▸ TASK GOAL
Transcribe the entries below without changing a word, and omit every picture.

▸ DATASET CONTENT
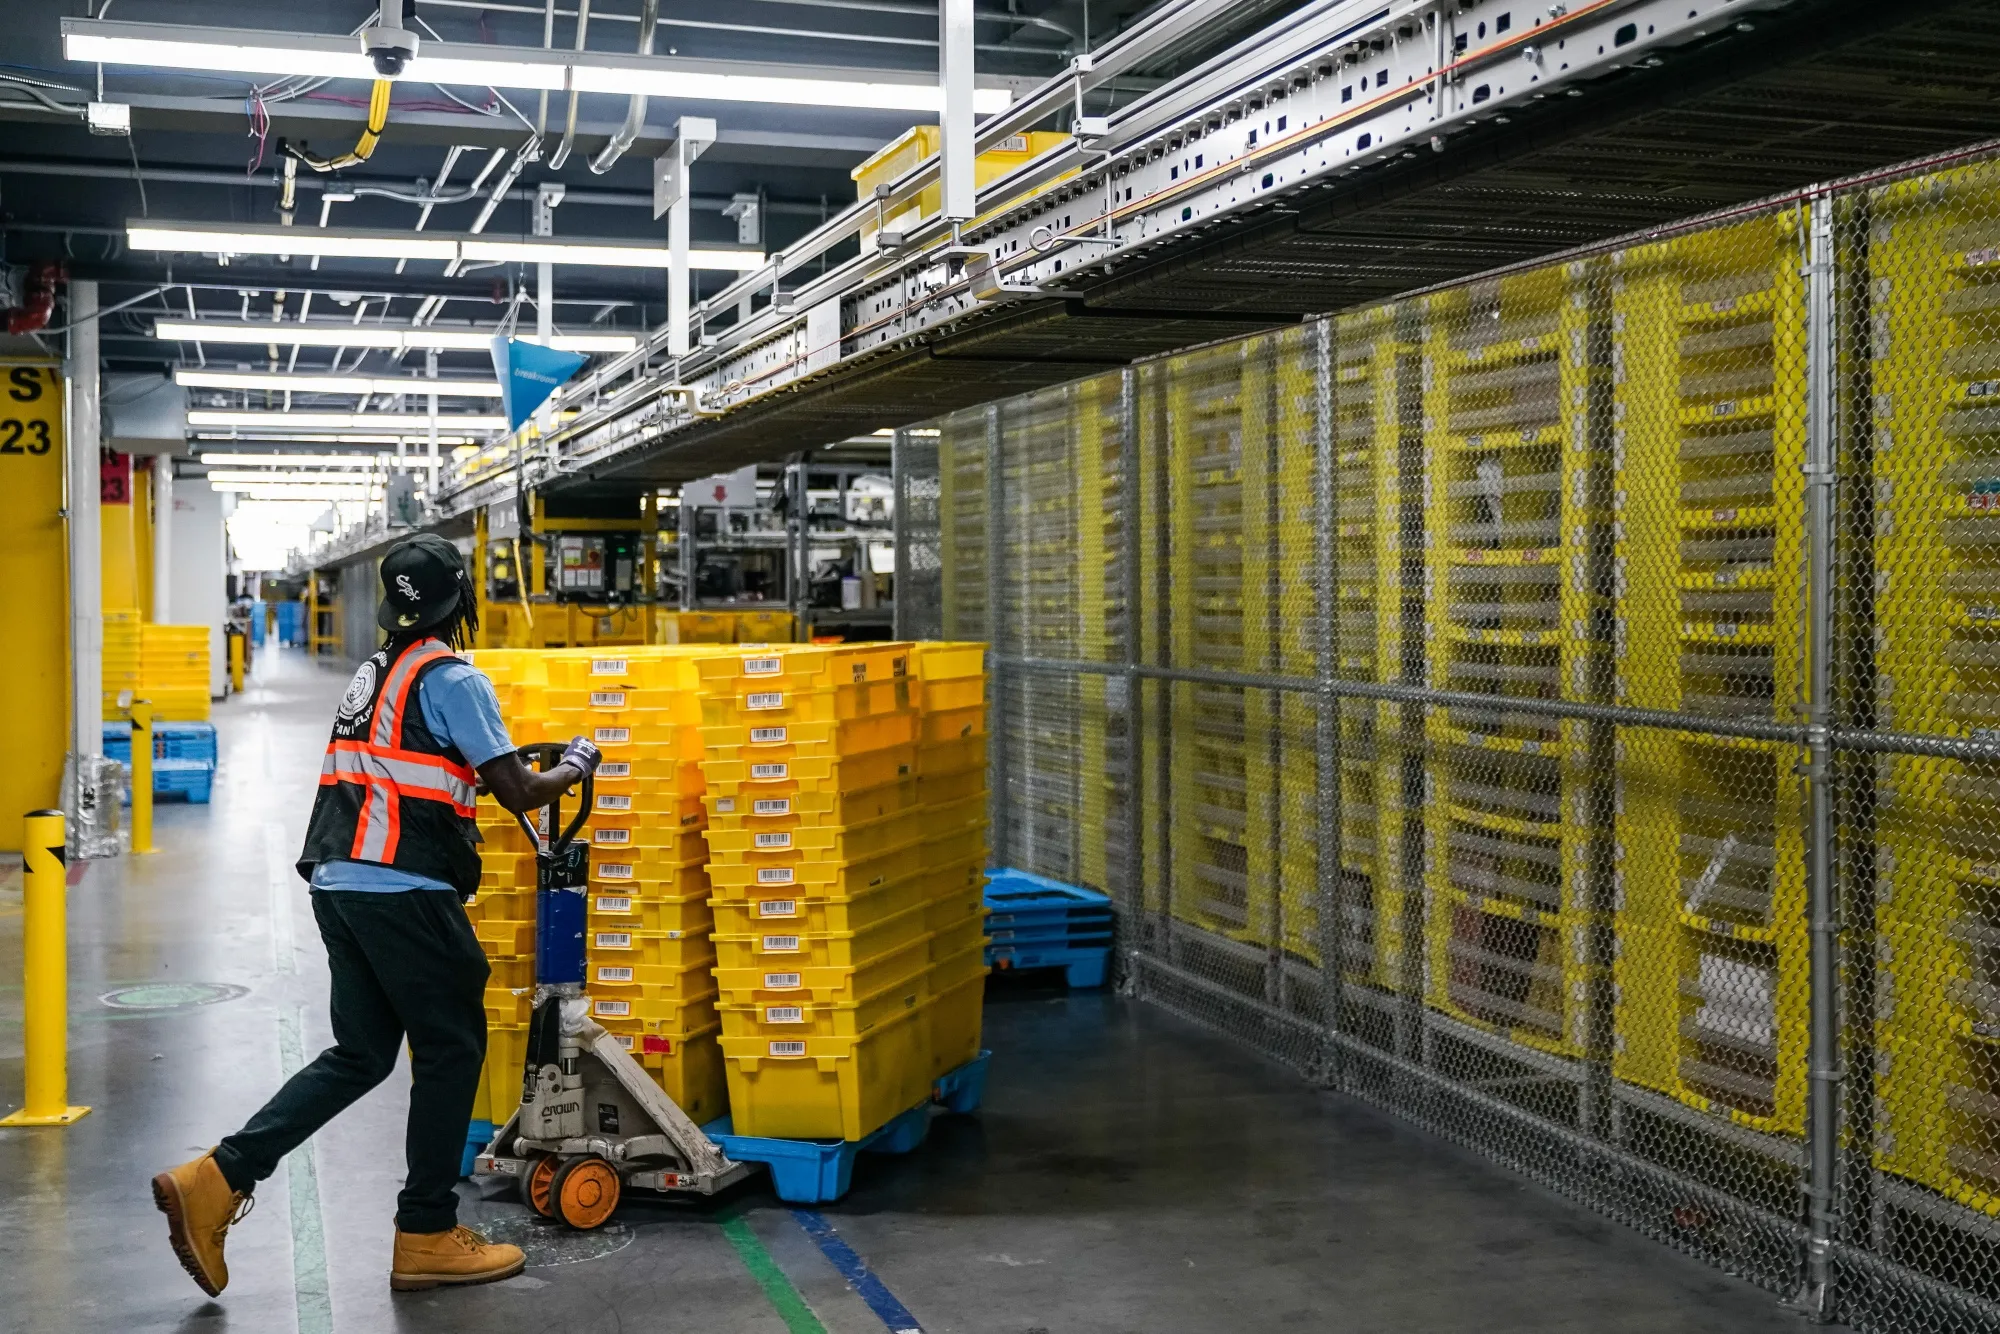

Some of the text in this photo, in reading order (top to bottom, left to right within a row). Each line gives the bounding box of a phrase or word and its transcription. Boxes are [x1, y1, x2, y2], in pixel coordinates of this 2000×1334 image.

[9, 367, 42, 402] S
[514, 368, 558, 385] breakroom
[0, 419, 51, 455] 23
[396, 574, 421, 601] Sox
[541, 1101, 580, 1117] CROWN

▸ REPLY TO THE TASK
Some of the text in this photo, in reading order (top to bottom, left to right within a row). Each line gives the bounding box of a phrase or word and its transcription. Boxes are [x1, y1, x2, y2], in pixel coordinates of this 2000×1334 image.

[9, 367, 42, 402] S
[514, 368, 558, 385] breakroom
[0, 419, 51, 455] 23
[396, 574, 421, 601] Sox
[541, 1101, 580, 1117] CROWN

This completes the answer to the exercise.